Lay read sequences alongside the reference space, using their CIGARs

Description

sequenceLayer can lay strings that belong to a given space (e.g. the "query" space) alongside another space (e.g. the "reference" space) by removing/injecting substrings from/into them, using the supplied CIGARs.

Its primary use case is to lay the read sequences stored in a BAM file (which are considered to belong to the "query" space) alongside the "reference" space. It can also be used to remove the parts of the read sequences that correspond to soft-clipping. More generally it can lay strings that belong to any supported space alongside any other supported space. See the Details section below for the list of supported spaces.

Usage

sequenceLayer(x, cigar, from="query", to="reference",
              D.letter="-", N.letter=".",
              I.letter="-", S.letter="+", H.letter="+")

Arguments

Argument	Description
`x`	An XStringSet object containing strings that belong to a given space.
`cigar`	A character vector or factor of the same length as `x` containing the extended CIGAR strings (one per element in `x` ).
`from, to`	A single string specifying one of the 8 supported spaces listed in the Details section below. `from` must be the current space (i.e. the space the strings in `x` belong to) and `to` is the space alonside which to lay the strings in `x` .
`D.letter, N.letter, I.letter, S.letter, H.letter`	A single letter used as a filler for injections. More on this in the Details section below.

Details

The 8 supported spaces are: "reference" , "reference-N-regions-removed" , "query" , "query-before-hard-clipping" , "query-after-soft-clipping" , "pairwise" , "pairwise-N-regions-removed" , and "pairwise-dense" .

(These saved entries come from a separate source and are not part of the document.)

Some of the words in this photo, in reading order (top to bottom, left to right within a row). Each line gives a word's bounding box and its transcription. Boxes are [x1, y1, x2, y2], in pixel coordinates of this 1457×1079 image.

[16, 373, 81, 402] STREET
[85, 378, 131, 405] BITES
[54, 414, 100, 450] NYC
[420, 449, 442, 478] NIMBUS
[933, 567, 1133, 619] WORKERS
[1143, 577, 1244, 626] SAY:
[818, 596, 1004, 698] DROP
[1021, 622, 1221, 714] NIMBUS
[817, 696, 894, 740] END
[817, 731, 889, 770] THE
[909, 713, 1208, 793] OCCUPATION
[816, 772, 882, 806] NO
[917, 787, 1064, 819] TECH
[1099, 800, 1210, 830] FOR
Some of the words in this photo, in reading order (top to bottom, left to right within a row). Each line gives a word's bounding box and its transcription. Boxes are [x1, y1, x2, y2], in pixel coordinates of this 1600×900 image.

Each space can be characterized by the extended CIGAR operations that are visible in it. A CIGAR operation is said to be visible in a given space if it "runs along it", that is, if it's associated with a block of contiguous positions in that space (the size of the block being the length of the operation). For example, the M/=/X operations are visible in all spaces, the D/N operations are visible in the "reference" space but not in the "query" space, the S operation is visible in the "query" space but not in the "reference" or in the "query-after-soft-clipping" space, etc...

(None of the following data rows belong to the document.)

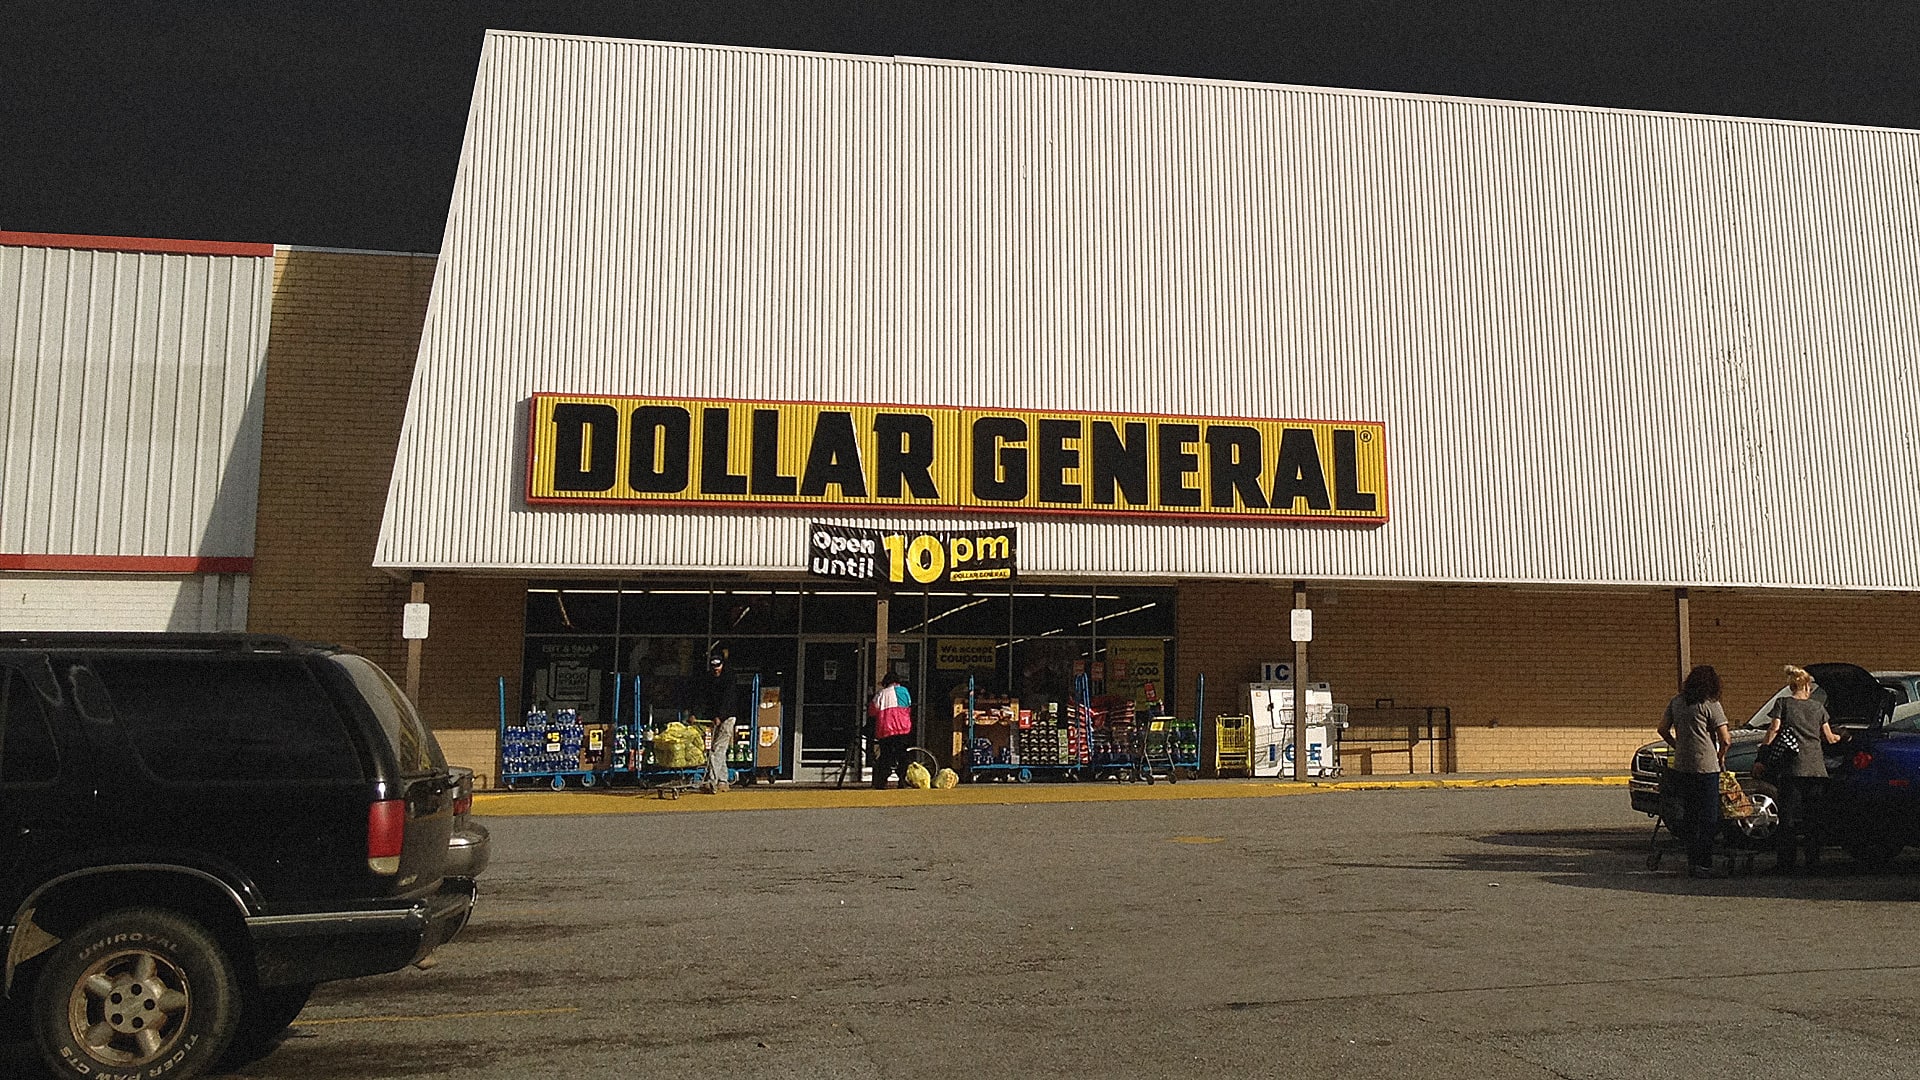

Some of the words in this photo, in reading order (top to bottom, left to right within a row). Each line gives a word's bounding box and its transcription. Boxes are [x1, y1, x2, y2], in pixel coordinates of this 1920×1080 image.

[552, 402, 940, 499] DOLLAR
[972, 416, 1377, 512] GENERAL
[812, 531, 875, 555] Open
[812, 556, 875, 579] until
[884, 534, 946, 584] 10
[950, 535, 1009, 568] pm
[940, 645, 957, 653] We
[959, 645, 993, 654] accept
[940, 654, 993, 664] coupons
[546, 731, 560, 742] $5
[591, 731, 602, 742] $1
[79, 932, 178, 960] UNIROYAL
[148, 1033, 199, 1078] TIGER

Here are the extended CIGAR operations that are visible in each space:

reference: M, D, N, =, X
reference-N-regions-removed: M, D, =, X
query: M, I, S, =, X
query-before-hard-clipping: M, I, S, H, =, X
query-after-soft-clipping: M, I, =, X
pairwise: M, I, D, N, =, X
pairwise-N-regions-removed: M, I, D, =, X
pairwise-dense: M, =, X

sequenceLayer lays a string that belongs to one space alongside another by (1) removing the substrings associated with operations that are not visible anymore in the new space, and (2) injecting substrings associated with operations that become visible in the new space. Each injected substring has the length of the operation associated with it, and its content is controlled via the corresponding *.letter argument.

For example, when going from the "query" space to the "reference" space (the default), the I- and S-substrings (i.e. the substrings associated with I/S operations) are removed, and substrings associated with D/N operations are injected. More precisely, the D-substrings are filled with the letter specified in D.letter , and the N-substrings with the letter specified in N.letter . The other *.letter arguments are ignored in that case.

Value

An XStringSet object of the same class and length as x .

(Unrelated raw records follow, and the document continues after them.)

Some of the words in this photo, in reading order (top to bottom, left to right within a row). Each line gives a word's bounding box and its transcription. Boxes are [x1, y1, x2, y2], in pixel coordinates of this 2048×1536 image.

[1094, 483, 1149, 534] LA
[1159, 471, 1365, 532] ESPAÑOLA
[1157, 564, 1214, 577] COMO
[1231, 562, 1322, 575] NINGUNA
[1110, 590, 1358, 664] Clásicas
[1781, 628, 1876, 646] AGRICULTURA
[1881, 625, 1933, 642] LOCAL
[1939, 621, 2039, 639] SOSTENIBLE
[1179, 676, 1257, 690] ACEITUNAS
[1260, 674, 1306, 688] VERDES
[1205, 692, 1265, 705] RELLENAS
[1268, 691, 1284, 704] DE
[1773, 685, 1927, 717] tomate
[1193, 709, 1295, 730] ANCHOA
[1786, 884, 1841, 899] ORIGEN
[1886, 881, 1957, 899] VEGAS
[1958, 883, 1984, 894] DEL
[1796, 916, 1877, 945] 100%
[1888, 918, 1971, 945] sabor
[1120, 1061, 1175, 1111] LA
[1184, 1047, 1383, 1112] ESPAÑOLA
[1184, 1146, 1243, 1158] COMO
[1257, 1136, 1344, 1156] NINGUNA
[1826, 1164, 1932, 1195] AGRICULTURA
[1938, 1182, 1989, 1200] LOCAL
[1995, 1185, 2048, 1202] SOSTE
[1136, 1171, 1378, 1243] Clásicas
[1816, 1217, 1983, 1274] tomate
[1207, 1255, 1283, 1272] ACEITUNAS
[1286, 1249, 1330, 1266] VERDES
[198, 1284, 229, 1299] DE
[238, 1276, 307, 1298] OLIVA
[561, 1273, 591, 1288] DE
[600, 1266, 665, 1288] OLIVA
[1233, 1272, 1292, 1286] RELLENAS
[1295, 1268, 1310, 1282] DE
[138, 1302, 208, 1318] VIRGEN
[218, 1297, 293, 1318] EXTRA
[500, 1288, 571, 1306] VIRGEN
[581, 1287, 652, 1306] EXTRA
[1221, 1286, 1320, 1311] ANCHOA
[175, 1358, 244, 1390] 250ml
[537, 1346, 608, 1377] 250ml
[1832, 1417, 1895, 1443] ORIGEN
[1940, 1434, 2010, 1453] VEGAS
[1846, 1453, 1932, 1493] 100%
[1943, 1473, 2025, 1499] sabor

The stackStringsFromBam function for stacking the read sequences (or their quality strings) stored in a BAM file on a region of interest.
The readGAlignments function for loading read sequences from a BAM file (via a GAlignments object).
The extractAt and replaceAt functions in the Biostrings package for extracting/replacing arbitrary substrings from/in a string or set of strings.
cigar-utils for the CIGAR utility functions used internally by sequenceLayer .

Author

Hervé Pagès

Examples

## ---------------------------------------------------------------------
## A. FROM "query" TO "reference" SPACE
## ---------------------------------------------------------------------

## Load read sequences from a BAM file (they will be returned in a
## GAlignments object):
bamfile <- system.file("extdata", "ex1.bam", package="Rsamtools")
param <- ScanBamParam(what="seq")
gal <- readGAlignments(bamfile, param=param)
qseq <- mcols(gal)$seq  # the read sequences (aka query sequences)

## Lay the query sequences alongside the reference space. This will
## remove the substrings associated with insertions to the reference
## (I operations) and soft clipping (S operations), and will inject new
## substrings (filled with "-") where deletions from the reference (D
## operations) and skipped regions from the reference (N operations)
## occurred during the alignment process:
qseq_on_ref <- sequenceLayer(qseq, cigar(gal))

## A typical use case for doing the above is to compute 1 consensus
## sequence per chromosome. The code below shows how this can be done
## in 2 extra steps.

## Step 1: Compute one consensus matrix per chromosome.
qseq_on_ref_by_chrom <- splitAsList(qseq_on_ref, seqnames(gal))
pos_by_chrom <- splitAsList(start(gal), seqnames(gal))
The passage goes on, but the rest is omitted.